# AVAILABLE DATA
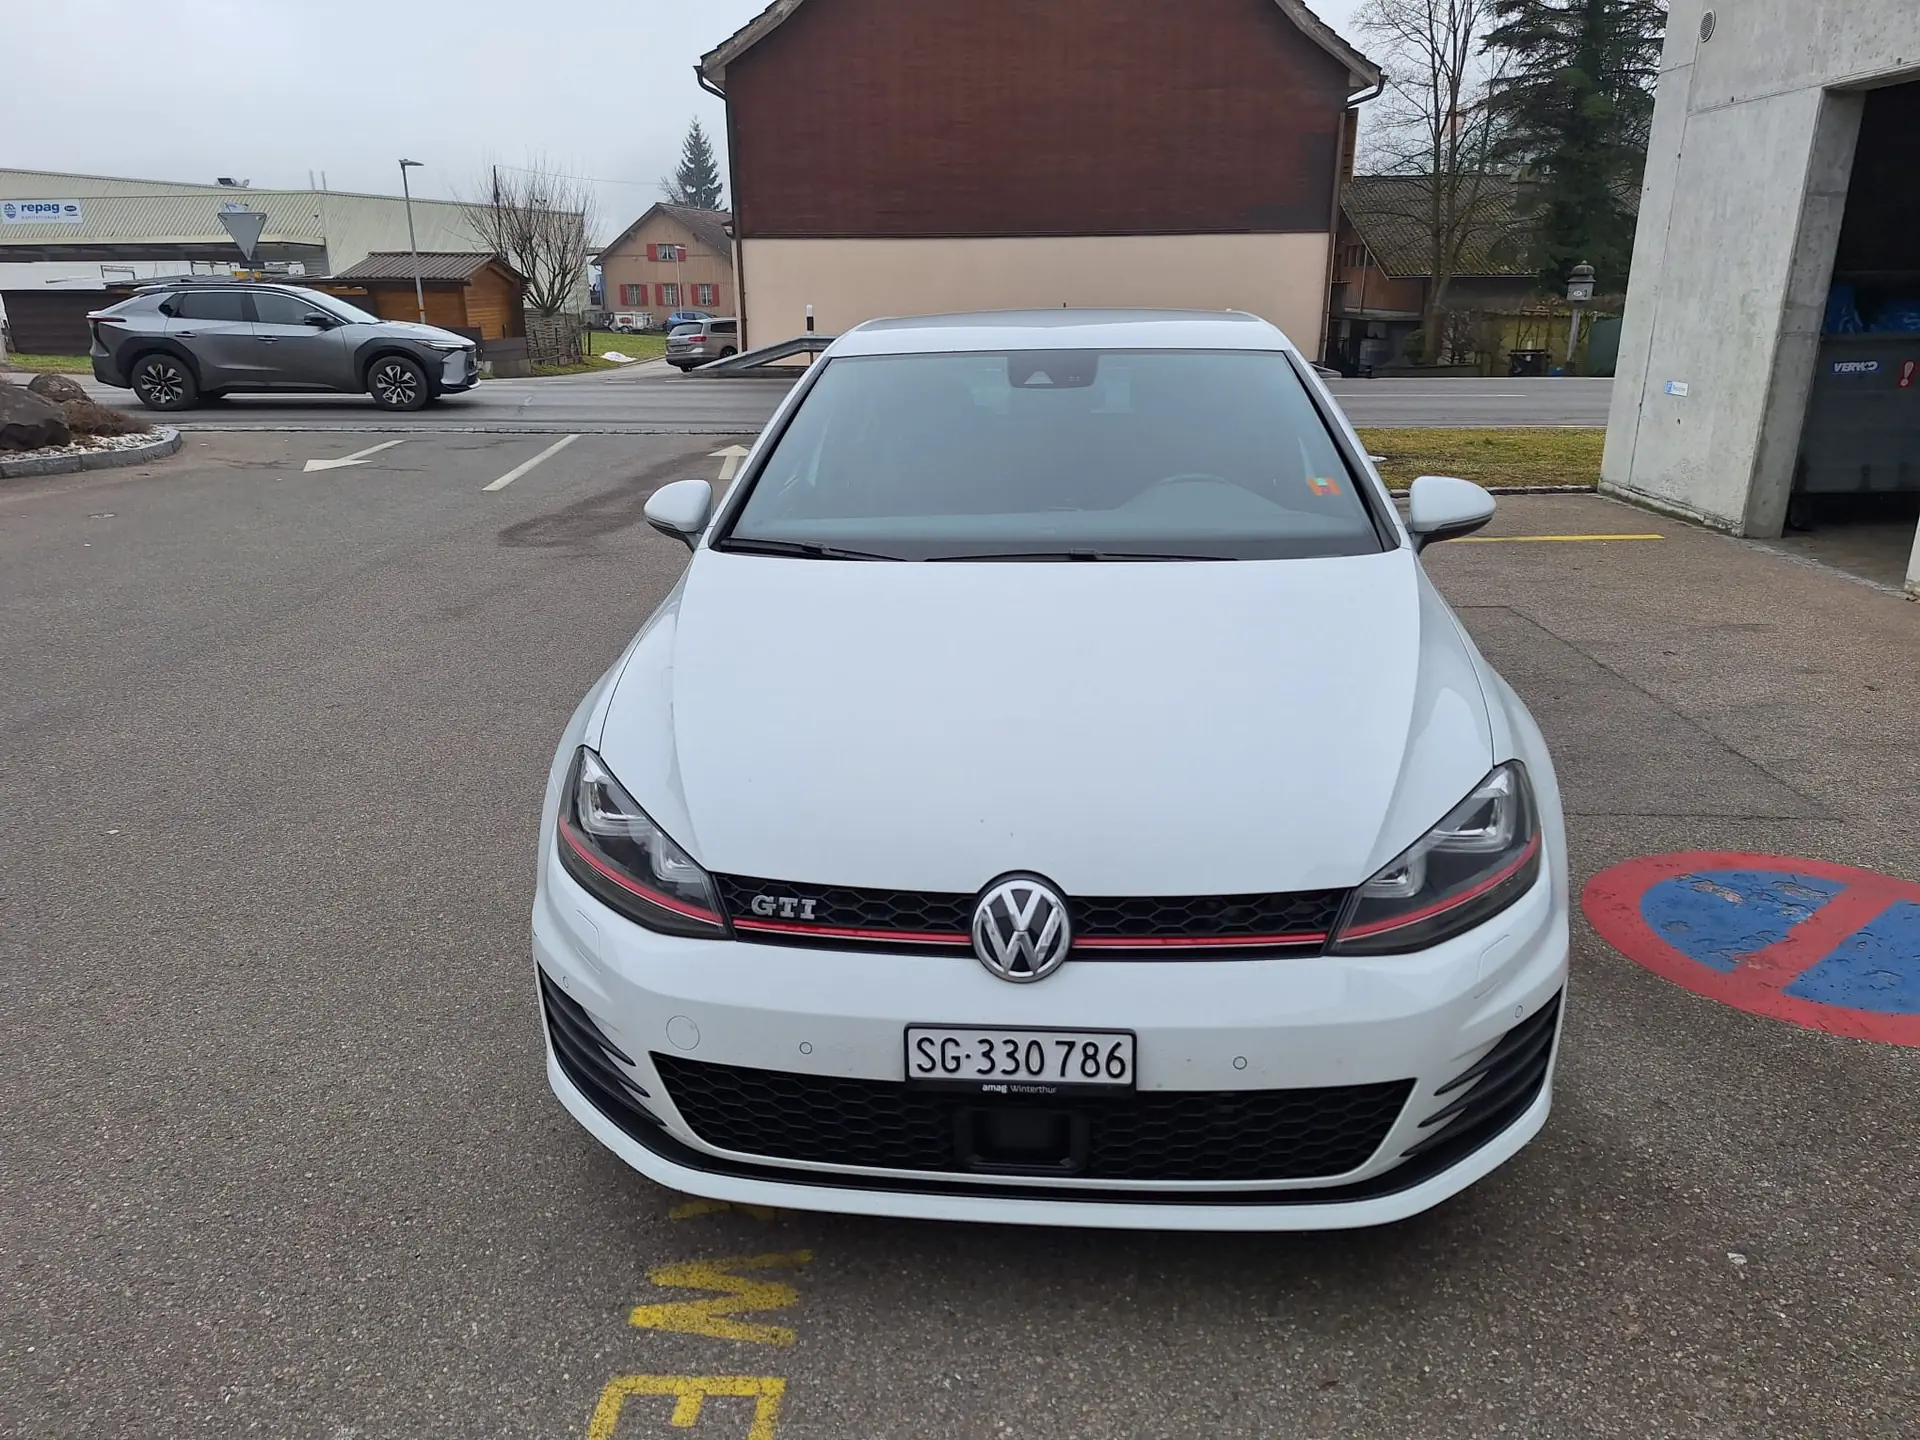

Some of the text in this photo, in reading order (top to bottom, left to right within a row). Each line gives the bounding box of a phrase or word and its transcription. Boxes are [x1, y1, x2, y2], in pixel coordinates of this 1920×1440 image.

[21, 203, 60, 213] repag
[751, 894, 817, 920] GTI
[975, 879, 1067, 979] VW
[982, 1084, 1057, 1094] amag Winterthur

# EXERCISE DESCRIPTION
Copy the listing exactly. Any image in it stays out of the copy.

# YOUR SOLUTION
Some of the text in this photo, in reading order (top to bottom, left to right within a row). Each line gives the bounding box of a phrase or word and its transcription. Boxes are [x1, y1, x2, y2], in pixel coordinates of this 1920×1440 image.

[21, 203, 60, 213] repag
[751, 894, 817, 920] GTI
[975, 879, 1067, 979] VW
[982, 1084, 1057, 1094] amag Winterthur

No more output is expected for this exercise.